WHAT YOU ARE ASKED TO DO:
Once you have read the listing below, write all of it out again exactly.

RECORDS TO PROCESS:
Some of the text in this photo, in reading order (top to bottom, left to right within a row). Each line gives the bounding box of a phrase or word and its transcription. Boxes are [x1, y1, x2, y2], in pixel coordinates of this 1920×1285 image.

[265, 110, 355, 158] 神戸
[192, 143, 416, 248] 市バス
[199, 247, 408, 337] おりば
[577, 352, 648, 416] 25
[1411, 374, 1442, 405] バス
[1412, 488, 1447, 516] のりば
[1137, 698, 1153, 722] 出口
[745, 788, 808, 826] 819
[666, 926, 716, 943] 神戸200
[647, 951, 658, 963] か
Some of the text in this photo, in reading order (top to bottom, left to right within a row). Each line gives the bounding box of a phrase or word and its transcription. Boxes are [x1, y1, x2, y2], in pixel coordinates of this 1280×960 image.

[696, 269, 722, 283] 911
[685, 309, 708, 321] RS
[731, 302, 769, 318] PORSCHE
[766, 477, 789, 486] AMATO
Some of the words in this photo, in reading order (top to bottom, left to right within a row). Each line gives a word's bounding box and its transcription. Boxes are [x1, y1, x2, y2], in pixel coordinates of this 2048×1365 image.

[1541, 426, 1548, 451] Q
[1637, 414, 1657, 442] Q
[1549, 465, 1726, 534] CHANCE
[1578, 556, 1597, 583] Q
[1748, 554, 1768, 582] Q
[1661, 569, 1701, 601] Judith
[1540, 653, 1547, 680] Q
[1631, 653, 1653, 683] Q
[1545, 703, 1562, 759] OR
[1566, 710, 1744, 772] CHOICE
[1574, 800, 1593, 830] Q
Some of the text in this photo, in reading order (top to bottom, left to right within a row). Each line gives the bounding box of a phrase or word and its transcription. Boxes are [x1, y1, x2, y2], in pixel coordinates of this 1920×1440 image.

COMPLETED EXERCISE:
Some of the text in this photo, in reading order (top to bottom, left to right within a row). Each line gives the bounding box of a phrase or word and its transcription. Boxes are [x1, y1, x2, y2], in pixel coordinates of this 1920×1285 image.

[265, 110, 355, 158] 神戸
[192, 143, 416, 248] 市バス
[199, 247, 408, 337] おりば
[577, 352, 648, 416] 25
[1411, 374, 1442, 405] バス
[1412, 488, 1447, 516] のりば
[1137, 698, 1153, 722] 出口
[745, 788, 808, 826] 819
[666, 926, 716, 943] 神戸200
[647, 951, 658, 963] か
Some of the text in this photo, in reading order (top to bottom, left to right within a row). Each line gives the bounding box of a phrase or word and its transcription. Boxes are [x1, y1, x2, y2], in pixel coordinates of this 1280×960 image.

[696, 269, 722, 283] 911
[685, 309, 708, 321] RS
[731, 302, 769, 318] PORSCHE
[766, 477, 789, 486] AMATO
Some of the words in this photo, in reading order (top to bottom, left to right within a row). Each line gives a word's bounding box and its transcription. Boxes are [x1, y1, x2, y2], in pixel coordinates of this 2048×1365 image.

[1541, 426, 1548, 451] Q
[1637, 414, 1657, 442] Q
[1549, 465, 1726, 534] CHANCE
[1578, 556, 1597, 583] Q
[1748, 554, 1768, 582] Q
[1661, 569, 1701, 601] Judith
[1540, 653, 1547, 680] Q
[1631, 653, 1653, 683] Q
[1545, 703, 1562, 759] OR
[1566, 710, 1744, 772] CHOICE
[1574, 800, 1593, 830] Q
Some of the text in this photo, in reading order (top to bottom, left to right within a row). Each line gives the bounding box of a phrase or word and its transcription. Boxes are [x1, y1, x2, y2], in pixel coordinates of this 1920×1440 image.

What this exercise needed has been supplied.